Merrill also had the worst liquidity ratio at 52 percent, compared to Goldman Sachs Group Inc (GS.N) and Lehman Brothers Holdings Inc LEH.N, and now has the highest leverage in the industry at 31.9 times, analyst Douglas Sipkin said.
Shares of Merrill Lynch rose 7 percent to $44.05 in morning trade, after upbeat earnings from Goldman Sachs and Lehman Brothers led to a rebound in financial stocks.
Sipkin, however, said fears about the ability of U.S. investment banks to continue as going concerns are misguided.
“While liquidity conditions are more challenging than at any time in recent history, the failure of BSC was more a management issue than a market issue in our opinion,” the analyst wrote in a note to clients.
Liquidity markets are clearly stretched, but the reputation and capital position of all other brokers will continue to be superior to that of Bear Stearns, he said.
JPMorgan Chase & Co (JPM.N) on Sunday agreed to buy Bear Stearns, slammed by a sudden cash crunch, for just $2 a share -- more than 90 percent below its Friday close.

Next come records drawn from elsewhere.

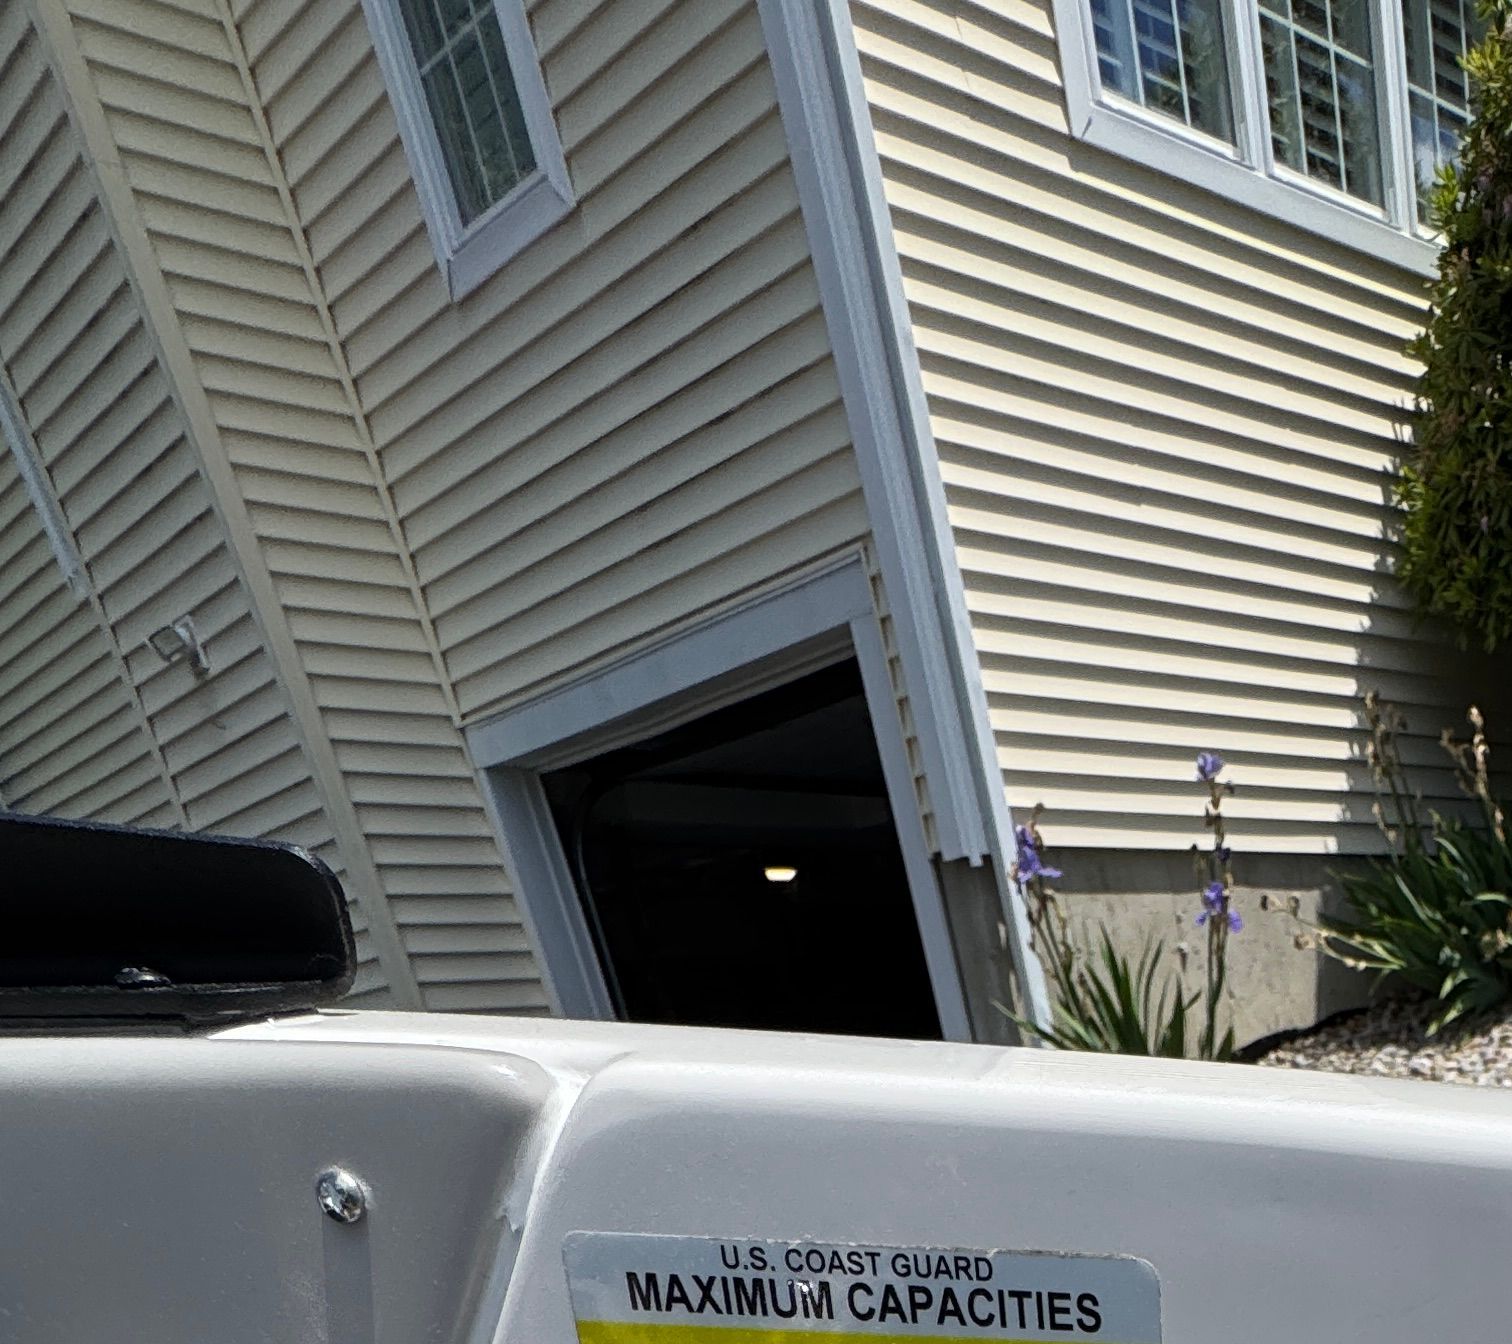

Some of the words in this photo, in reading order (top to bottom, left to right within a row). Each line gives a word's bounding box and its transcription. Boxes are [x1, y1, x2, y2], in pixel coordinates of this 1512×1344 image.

[720, 1244, 776, 1272] U.S.
[784, 1248, 881, 1277] COAST
[890, 1252, 994, 1282] GUARD
[625, 1271, 835, 1321] MAXIMUM
[846, 1281, 1102, 1333] CAPACITIES

The analyst upgraded Goldman Sachs to “outperform” from “market perform” partly on its superior capital position relative to competitors and as it would likely benefit more than any firm from Bear Stearns’ problems.
He said liquidity measures at Lehman Brothers look “reasonable.”
“The loss of Bear Stearns triggered immediate fear and uncertainty amongst the group. However, if Lehman can survive, we believe it will by default gain material market share in mortgages now and especially in the future if the business turns,” Sipkin said.
Wachovia issued the research note before Goldman Sachs and Lehman reported quarterly results.